Starting in the summer of 1914, nations involved in the conflict had considerably reinforced their aviations, thus forcing Italy to bridge the delay in prevision of its entrance into the war. Therefore, in January 1915, as substitution for the Aviator Battalion created in 1912, the Military Aviation Corp, was founded. Autonomous from the Corpo del Genio, which the aviation services had belonged to up until that point, the Aviation Corp responded to the Ministry of War. It was composed of the General Aviation Direction entrusted to Colonel Maurizio Mario Moris (1860-1944) – who had already been Head of the Aviation Inspectorate – of the Airship Crew and Aerostiers Aviation Command, of the Military Aviation Technical Direction, of the Central Aviation Institute presided by Captain Arturo Crocco (1877-1968) and of three battalions (airship crew members, aerostiers, aviation squads).

At the same time of the creation of the Military Aviation Corp, funds for strengthening the aviation were quadrupled and amounted to 16.5 million Lire. Between 1915 and 1918, costs for the purchase of devices and motors went from 17 to 600 million, and totalled at 1 billion Lire.[3] This was a considerable expense, necessary to sustain the thousands of missions carried out by dozens of fighter, bombardier, reconaissance and defence squads dislocated across circa forty bases between the Friuli and Veneto regions, and others in the Brescia area, on the Adriatic Coast, from Liguria to Sicily, as protection for objectives considered to be attackable by the Austro-Hungarian aviations.

Starting in the autumn of 1914, the "Regulations for War Service" were issued, limiting the use of airplanes to explorative missions.
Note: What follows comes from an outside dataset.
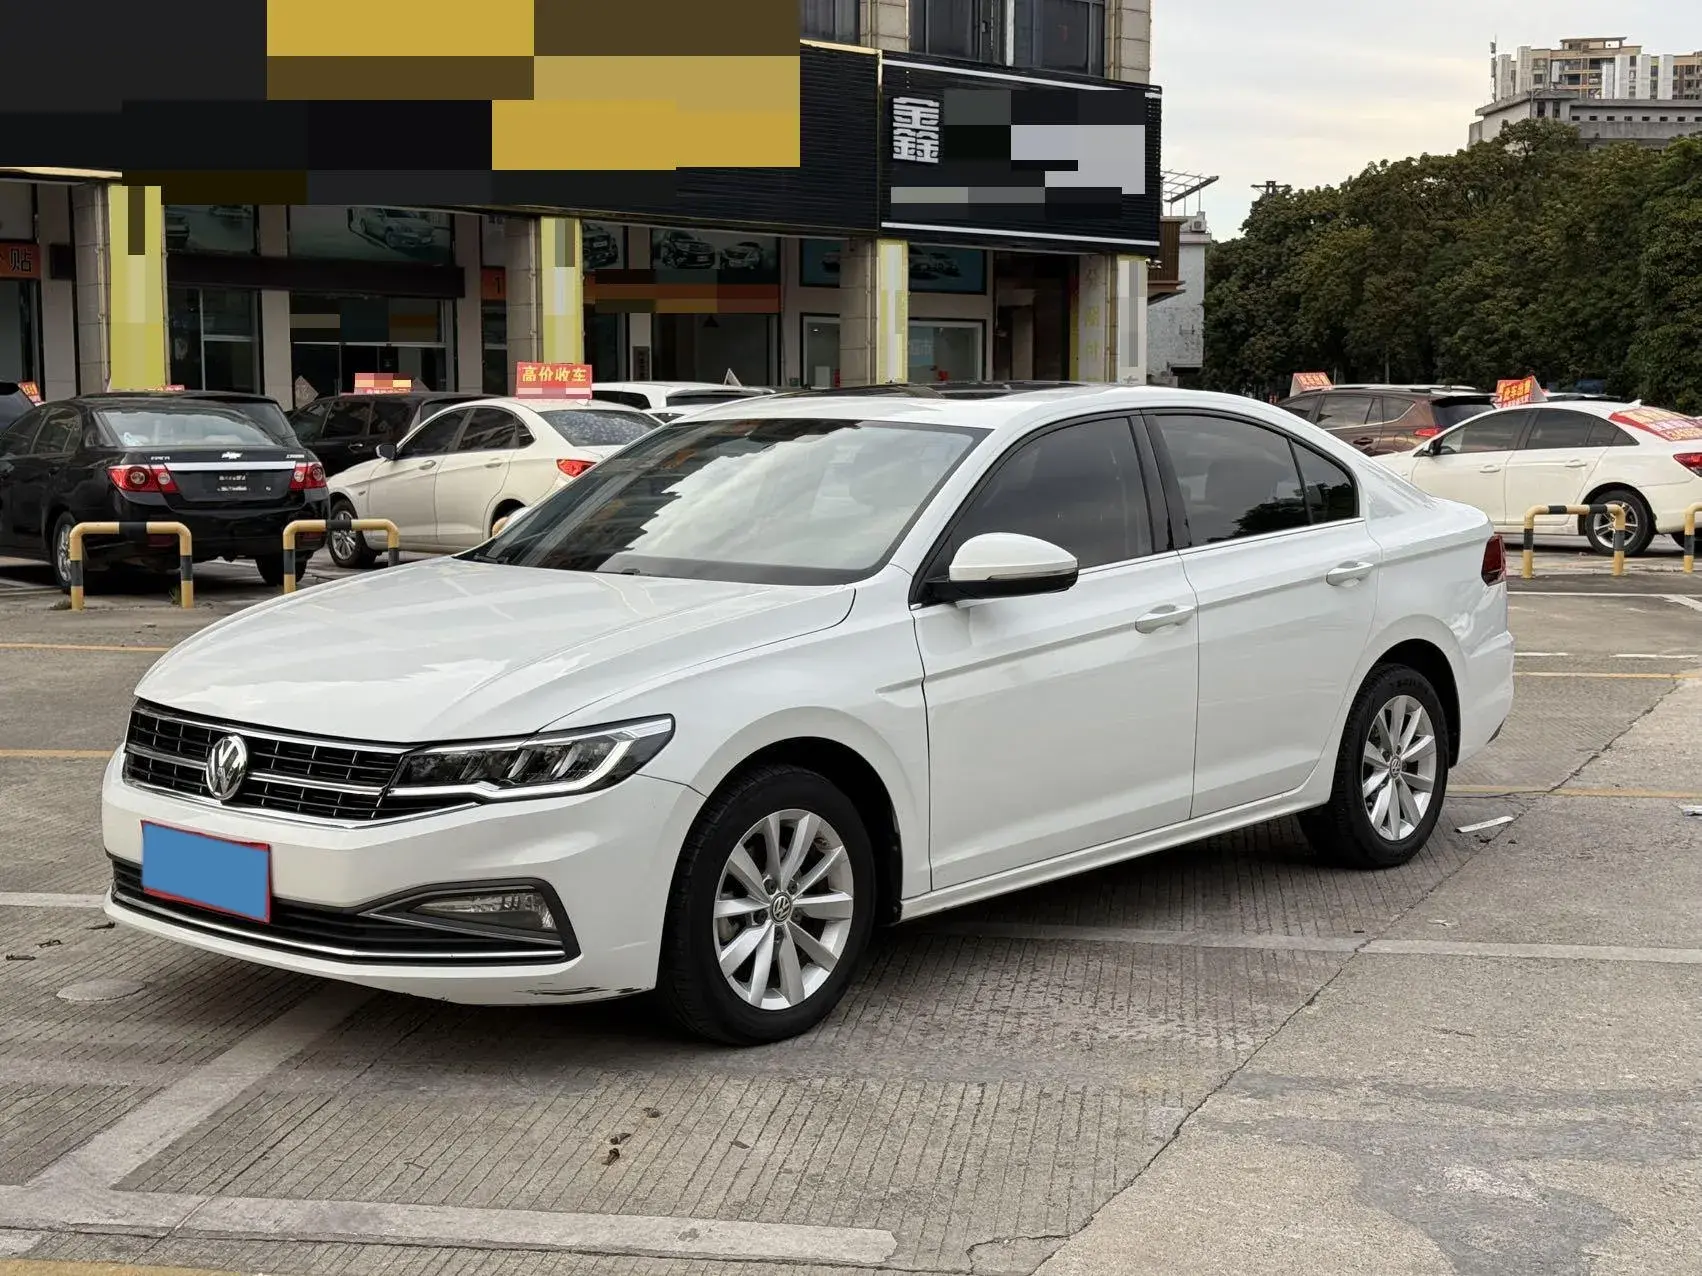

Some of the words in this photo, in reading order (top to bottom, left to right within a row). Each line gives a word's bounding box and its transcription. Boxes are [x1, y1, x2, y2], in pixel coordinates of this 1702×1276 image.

[892, 96, 939, 163] 鑫
[521, 365, 587, 382] 高价收车
It was not by chance that a large part of the available aviation squads were dislocated to Friuli to support ground forces, and that, when Italy entered the war, the aviation was assigned to observation and reconnaissance tasks along the main transportation arteries of the eastern border (Cormons-Gorizia-Aidussina; Tolmino-Krainburg; Gorizia-Laibach/Lubiana and Monfalcone-Sesana-Adelsberg/Postumia). This way it could provide information for the artillery and infantry, while the residual bombardment-related tasks excluded actions involving residential areas.

The "Regulations for the use of Aviator Squads", issued in May 1915, substantially confirmed the aforementioned tasks, and the use of the aviation for bombardments was introduced by the "Regulations for Offensive Actions with Airplanes", in July of that same year. At the same time, in the ambit of air fighting, even before the notes issued on 6 June 1918 by ace pilot Pier Ruggero Piccio (1880-1965) for the temporary instruction for the use of fighter squads, pilots had learned the secrets of their job by emulating more experienced pilots, carrying out missions in a rather hands-on tactical context, based on contingencies and daily flight exercise.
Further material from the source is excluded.